Setting Up The Facebook Conversion API
A great thing about using Stape.io as your container is that it will map all standard Facebook events automatically. If there is a special event that stape can’t map, it will still record it as a custom event, so basically you don’t need to set up events manually.
Here are the standard events that Facebook supports:
- PageView
- AddPaymentInfo
- AddToCart
- AddToWishlist
- CompleteRegistration
- Contact
- CustomizeProduct
- Donate
- FindLocation
- InitiateCheckout
- Lead
- Purchase
- Schedule
- Search
- StartTrial
- SubmitApplication
- Subscribe
- ViewContent
To set this up, first you need to create a new Tag in your server container. Click add new tag, go to the community template gallery and add Facebook Conversion API Tag.

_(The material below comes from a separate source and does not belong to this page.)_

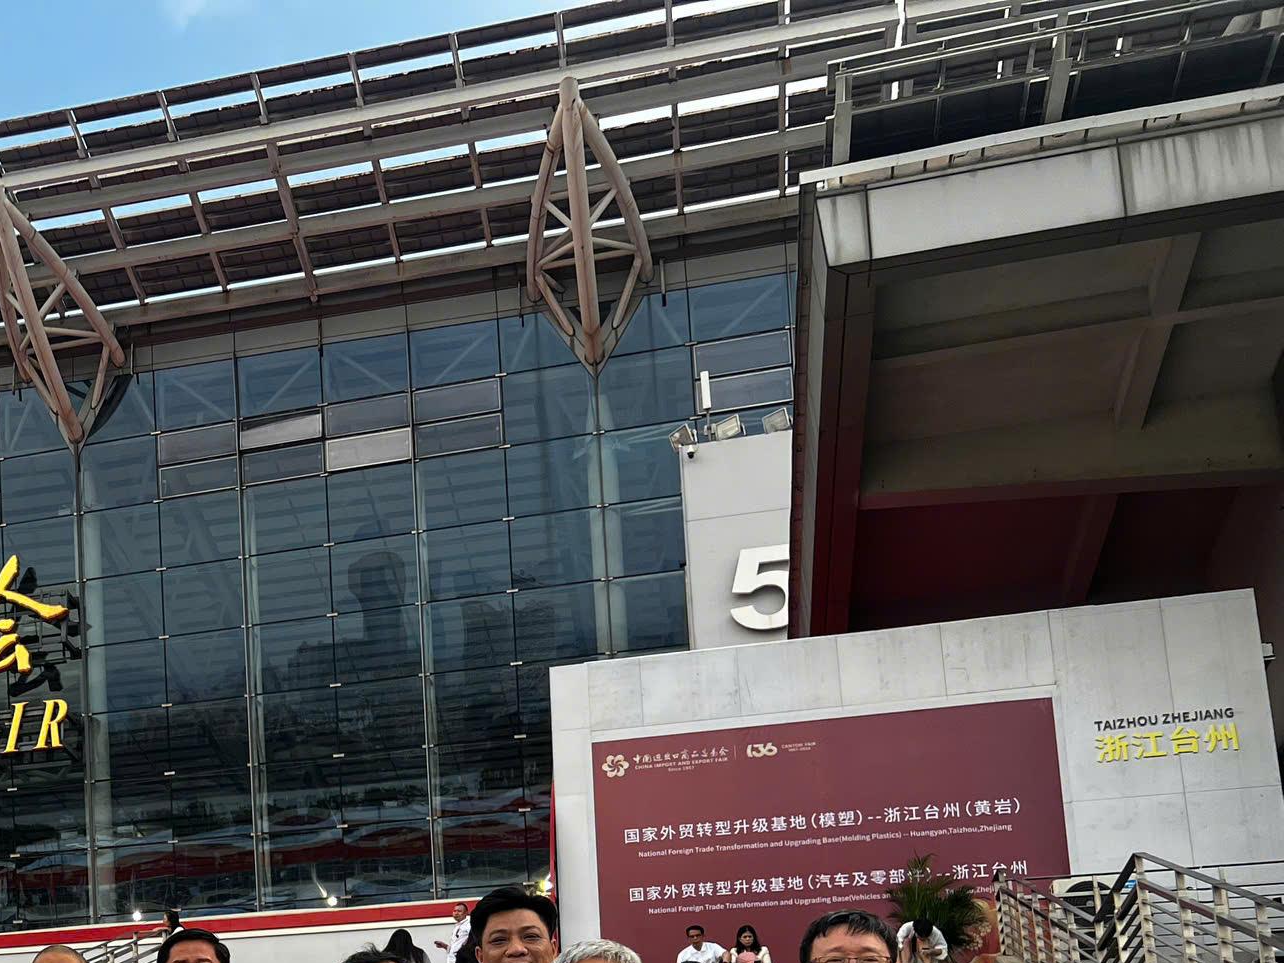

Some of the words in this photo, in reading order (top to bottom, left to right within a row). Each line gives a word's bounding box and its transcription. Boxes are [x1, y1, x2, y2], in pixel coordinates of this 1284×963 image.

In the tag settings select inherit from client, and then you need to enter your Facebook API Access Token, Pixel ID and Test ID.
To generate an API Access Token, open your Facebook Business Manager account, go to the Events Manager, Data Sources, and click settings.
Then scroll down and click Generate access token, and copy that.
Then copy your pixel ID and Test ID as well and go back to Google Tag Manager and fill out the requirements.
and go back to Google Tag Manager and fill out the requirements, save and that’s it.
You also need to add a trigger. Click triggers, create a custom trigger, select ‘’This trigger fires on Some Events’’ and set Client Name equals GA4.
and go back to Google Tag Manager and fill out the requirements, save and that’s it.
Testing The Setup
Open the debugger for both the web and server Google Tag Manager containers, and then navigate through your website. In the server GTM container’s debugger, you should observe requests associated with the Facebook Conversion API Tag.
And of course you can test it using the Facebook Testing tool inside the business manager as well.
How to Add Landing Page Clicks as a Conversion Event on Facebook Ads using GTM Server
Now that you know how to set up the Facebook Conversion API tracking with GTM, you can set up all kinds of custom triggers you like in GTM and fire them back to Facebook as conversions.
In this example we are going to fire conversions on landing page button clicks with Google Tag Manager.
So first you need to set up the Click Button trigger. In GTM go to Triggers and configure a new trigger.
Then select Click on All Elements
And then configure the trigger by selecting the ‘’some clicks’’ option. Now you can set up different conditions for the event to fire based on your landing page or funnel, but the easiest way is by choosing Click Text from the built-in variables list:
So this way you can simply enter the text on your button, and when someone clicks on that button this trigger will fire the event.
Next when the trigger is set up, you need to add a tag to it, to send the event back to the Facebook conversion API.
For this we’re going to create a GA4 tag with the conversion event we want to send, for example Add To Cart. (This will only work if you have already set up the Facebook Conversion API and the GA4 client like we did in the steps above)
So click tags, create a new tag and in the tag configuration select Google Analytics and GA4 Event.
Then enter your GA measurement ID, the event name you want to send, and the Click Button Trigger you just created.
Click save and that’s it. Now you can go back and test it the same way we did above.